It helped him get to the White House. And now, forced by circumstance to abandon his victory lap messaging of “Keep America Great,” Trump is reaching for it again as he tries his hardest to stay there.

“It’s just as critical to 2020 as it was in 2016, if not more so,” former Trump aide Jason Miller told me. “If he’s the outsider, if he’s the insurgent, he wins reelection. If he’s viewed as the insider, the one who’s the power holder in a tumultuous time, then winning becomes much tougher.”

“My name is Donald Trump,” he said in the intro of the first show of the first season of “The Apprentice,” launching into a quick series of words and pictures associated with success. For Trump, the reality television show on NBC, which debuted in 2004, was a chance to cement his comeback tale—and to do it in the way that he wanted, sandwiching what he took to calling his “glitch” or his “blip” basically between brackets of unfettered triumph. “But it wasn’t always easy,” he explained. “About 13 years ago, I was seriously in trouble. I was billions of dollars in debt. But I fought back. And I won.”

In the first half of the ’90s, Trump constantly skirted financial ruin, facing for years the possible permanent tarnishing of the image he had cultivated in the ’70s and ’80s as an infallible deal-doer. “Donald was broke,” Stephen Bollenbach, the CFO Trump’s lenders made him hire, would say. “He was worse than broke. He was losing money every day.” Even so, Trump talked about his comeback, not when his struggles began to wane but practically from their start.

“All Donald knew was that he was still a story,” Wayne Barrett wrote in his seminal biography. In the spring of ’91, according to Barrett’s reporting, Trump announced to a consultant that he was determined to return to the cover of Time. “He said he would be the comeback of the century.”

In 1992, he redoubled his efforts, earning honeyed headlines on the cover of New York magazine and on the front page of the Washington Post. He refused to reflect on the past, skated through the present and relentlessly spun toward the future. “I’m not going to look back and say it was tough and blame myself,” he told the Sunday Times of London. “I could be even bigger than ever.”

Gossip columnists marveled at Trump’s ability to shape the nature of the story. “I mean,” Linda Stasi of the New York Daily News told the Boston Globe in 1994, “it’s not like he’s the president.”

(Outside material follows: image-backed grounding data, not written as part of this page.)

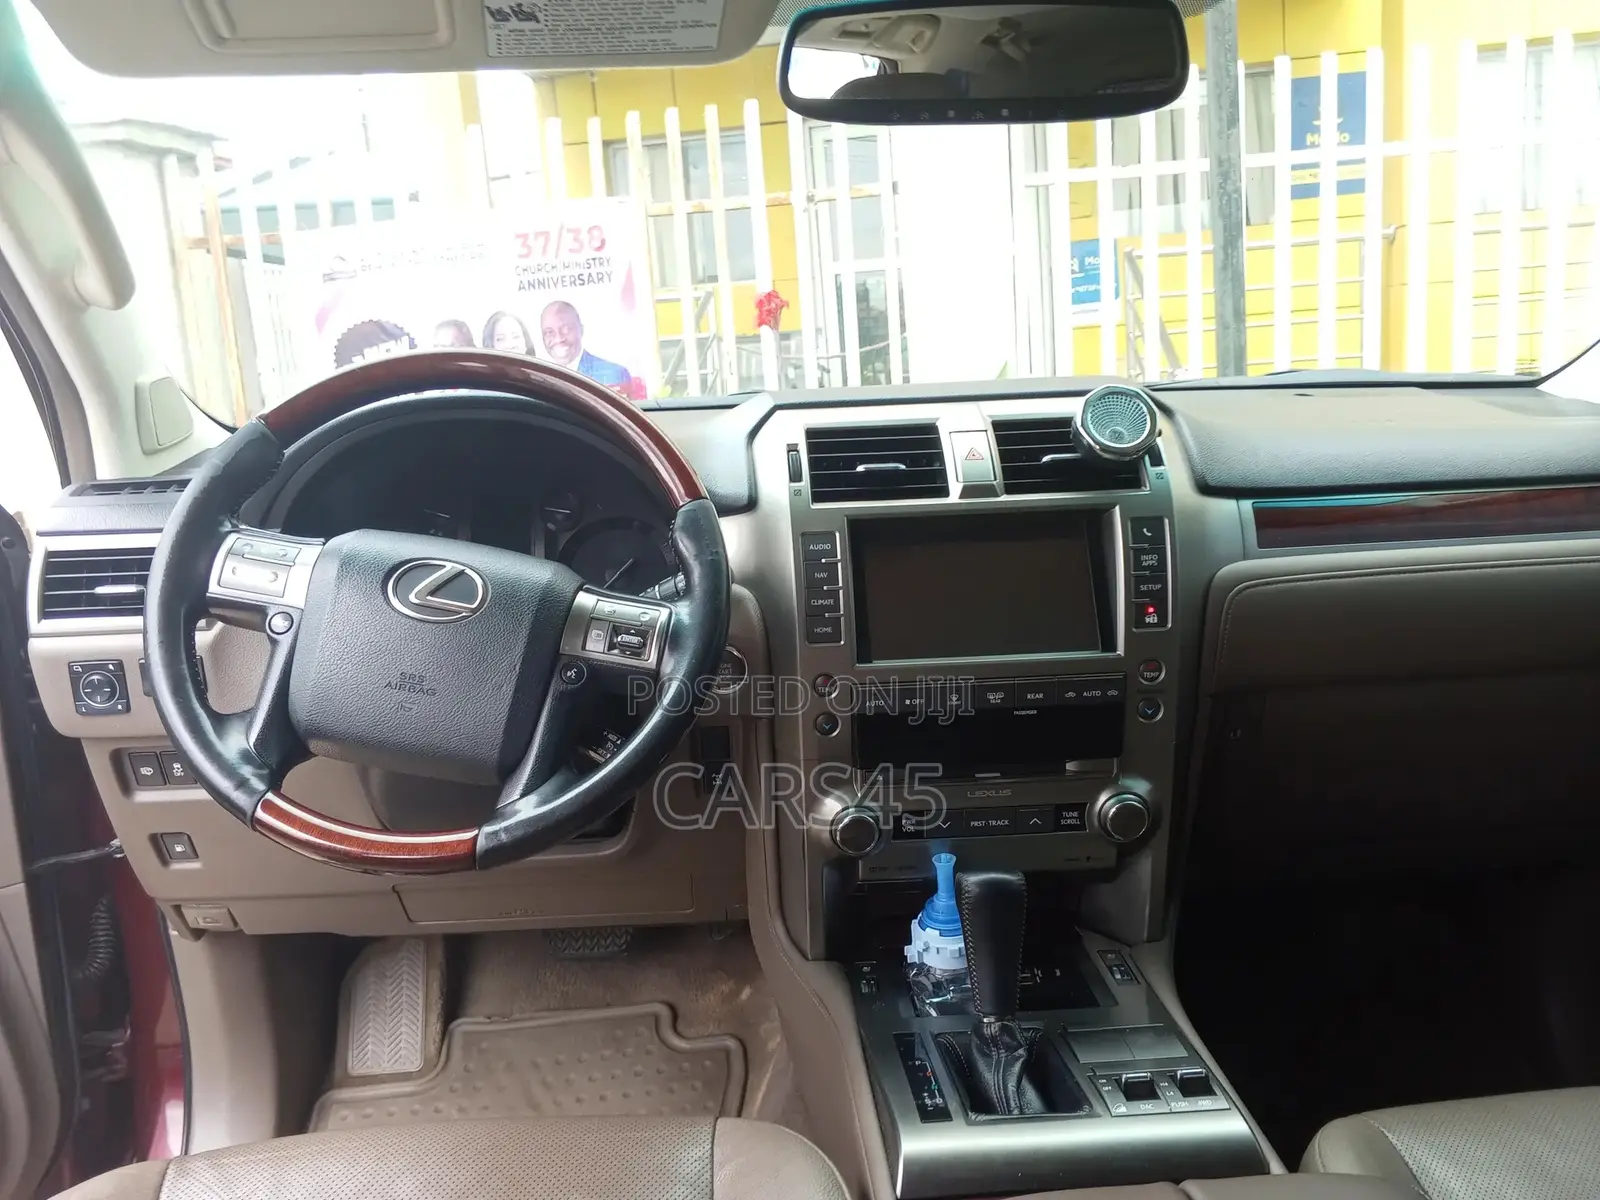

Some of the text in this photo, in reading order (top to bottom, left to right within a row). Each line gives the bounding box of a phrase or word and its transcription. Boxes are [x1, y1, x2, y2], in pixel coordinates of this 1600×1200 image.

[514, 222, 606, 259] 37/38
[518, 271, 613, 292] ANNIVERSARY
[400, 671, 426, 683] SRS
[384, 681, 437, 696] AIRBAG
[967, 789, 1012, 798] LEXUS
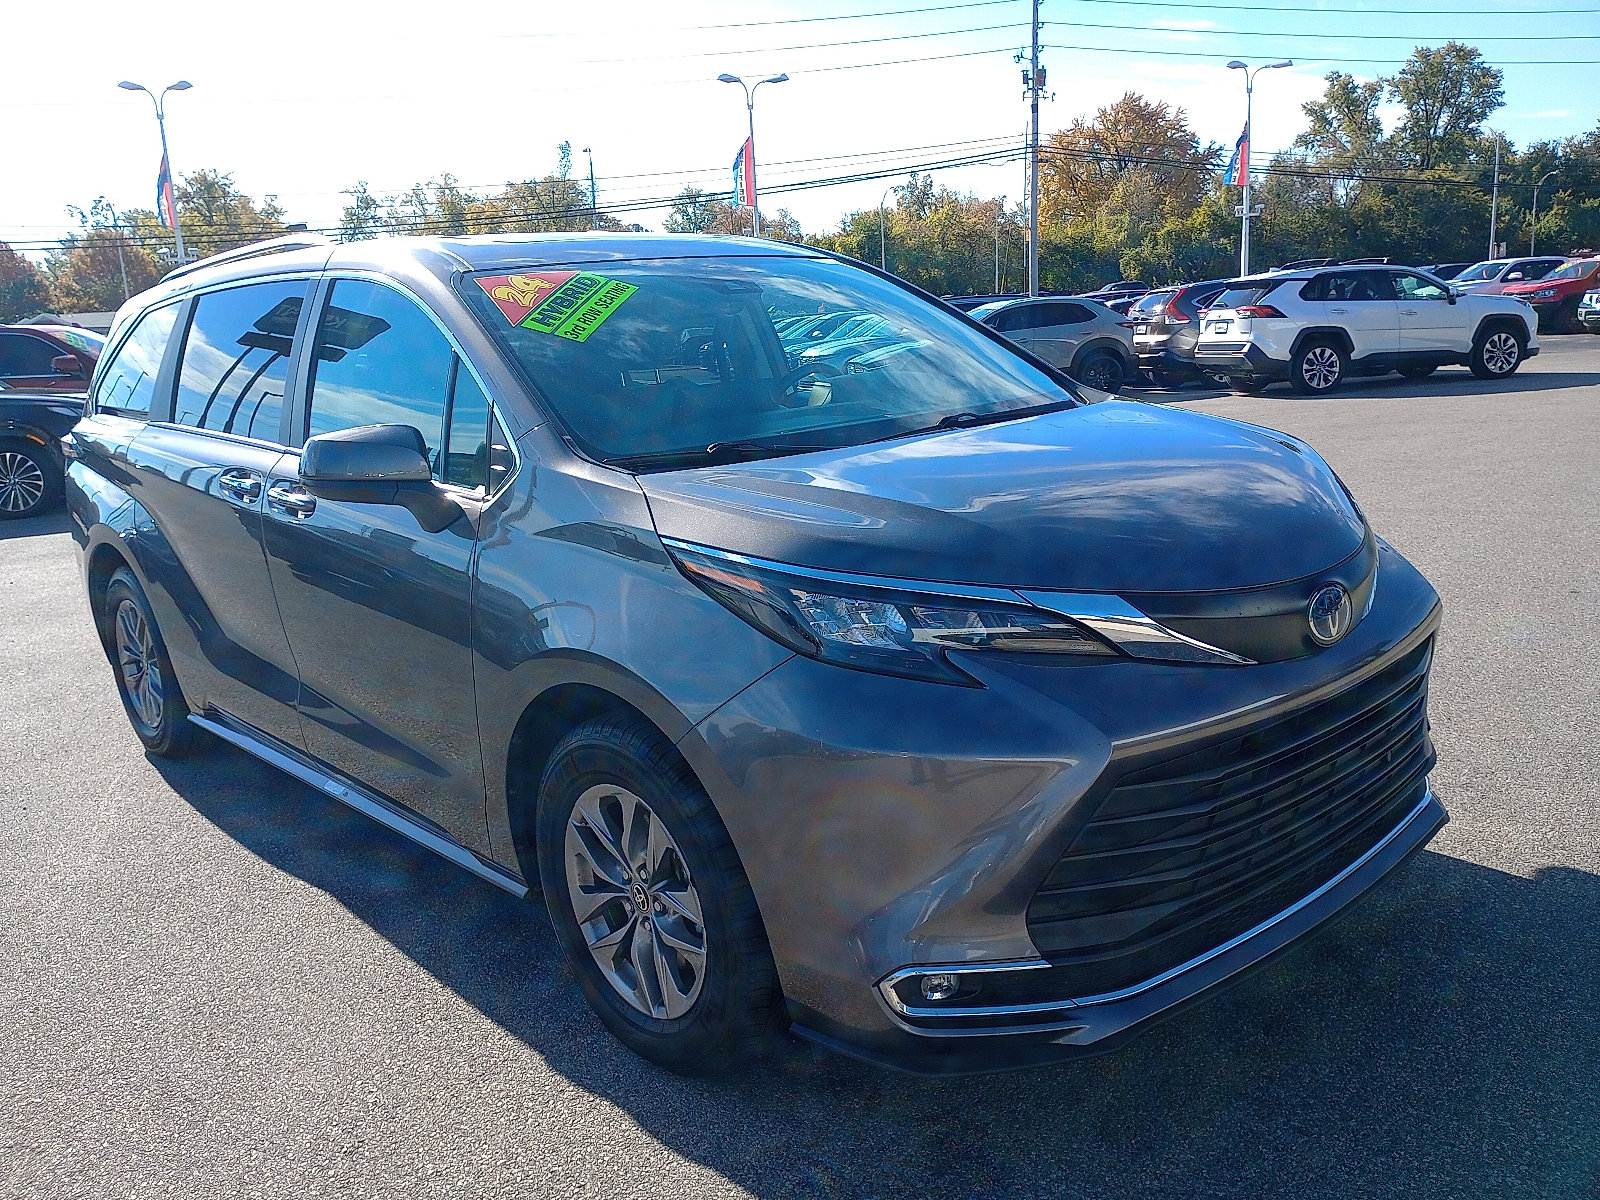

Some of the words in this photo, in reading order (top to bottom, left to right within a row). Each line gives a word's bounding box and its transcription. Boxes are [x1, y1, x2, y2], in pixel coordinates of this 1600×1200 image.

Business bigwigs, meanwhile, marveled at it because … it wasn’t true. “I think his recovery is an illusion,” a real estate executive who did frequent business with Trump said to the reporter from the Globe. “It’s like the emperor has no clothes. I guess if you keep repeating it long enough people begin to believe it.”

And he did. And they did.

And it worked.

In 1995, not quite five months after Trump successfully started selling stock in his failing casinos in New Jersey and his resurgence was looking legitimately less and less like a mirage, some of New York’s business and government leaders honored Trump at a luncheon in Manhattan for what they dubbed “the comeback of the decade.” The lieutenant governor called him “the comeback kid.” Bill Fugazy, a limo company tycoon and onetime Roy Cohn crony, gave Trump a glass-encased boomerang. “You throw it,” he said, “and it always comes back.”

In 1996, in articles about Trump, the Daily News and the New York Times used “comeback” in headlines. By this time, thanks to the casino deal plus at-long-last development on a plot of land he was involved with on the Upper West Side, those headlines were no longer wrong. “I think it says,” Trump said, “what I’ve been doing over the years has been right.” (Sound familiar?)

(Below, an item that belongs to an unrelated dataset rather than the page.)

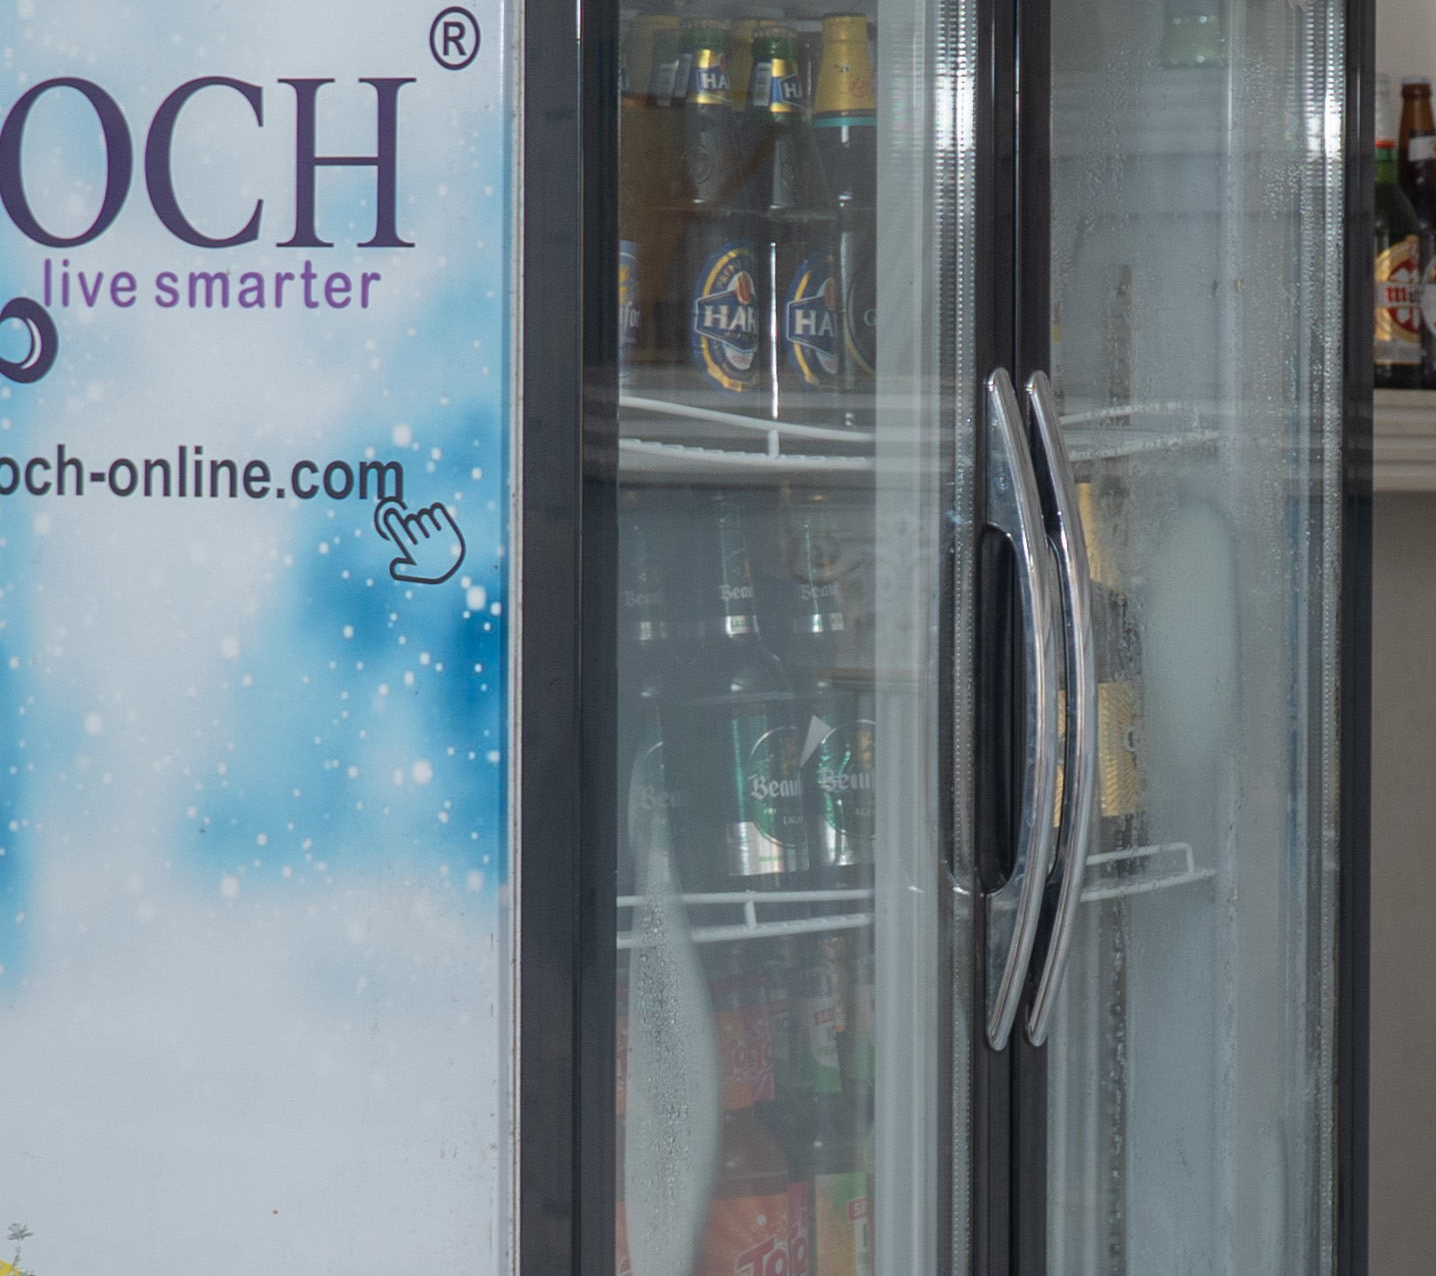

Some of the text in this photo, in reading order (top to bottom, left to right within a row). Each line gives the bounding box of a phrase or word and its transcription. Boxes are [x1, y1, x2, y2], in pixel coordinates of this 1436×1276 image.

And in 1997, out came The Art of the Comeback, the sequel of sorts to The Art of the Deal. “It never occurred to me to give up, to admit defeat,” Trump (really Kate Bohner) wrote. “He simply skips over the losing part. It is the unspoken chapter in the ongoing narrative,” said Solovey, the first-season “Apprentice” contestant. “He left out the Art of Losing.”

Hence the intro to the show in ’04. That same year, too, on multiple occasions, he made the claim that the Guinness Book of World Records listed him as having made the greatest personal financial comeback of all time. It’s true. It did, in 1999 and 2000, a Guinness World Records spokesperson told me, before “the Records Management Team” decided “the concept of a ‘comeback’” was not “standardizable across the globe.” To use it the way he wanted to use it, he didn’t need it to be.

He kept “comeback” as a cudgel, of course, when he turned toward politics.

In 2015, a little more than a month before he came down the escalator and officially entered the fray as a presidential contender, he gave a speech to the Republican Party of Sarasota County, Florida. “Our country is not going to have a comeback,” he said, “with any politician.”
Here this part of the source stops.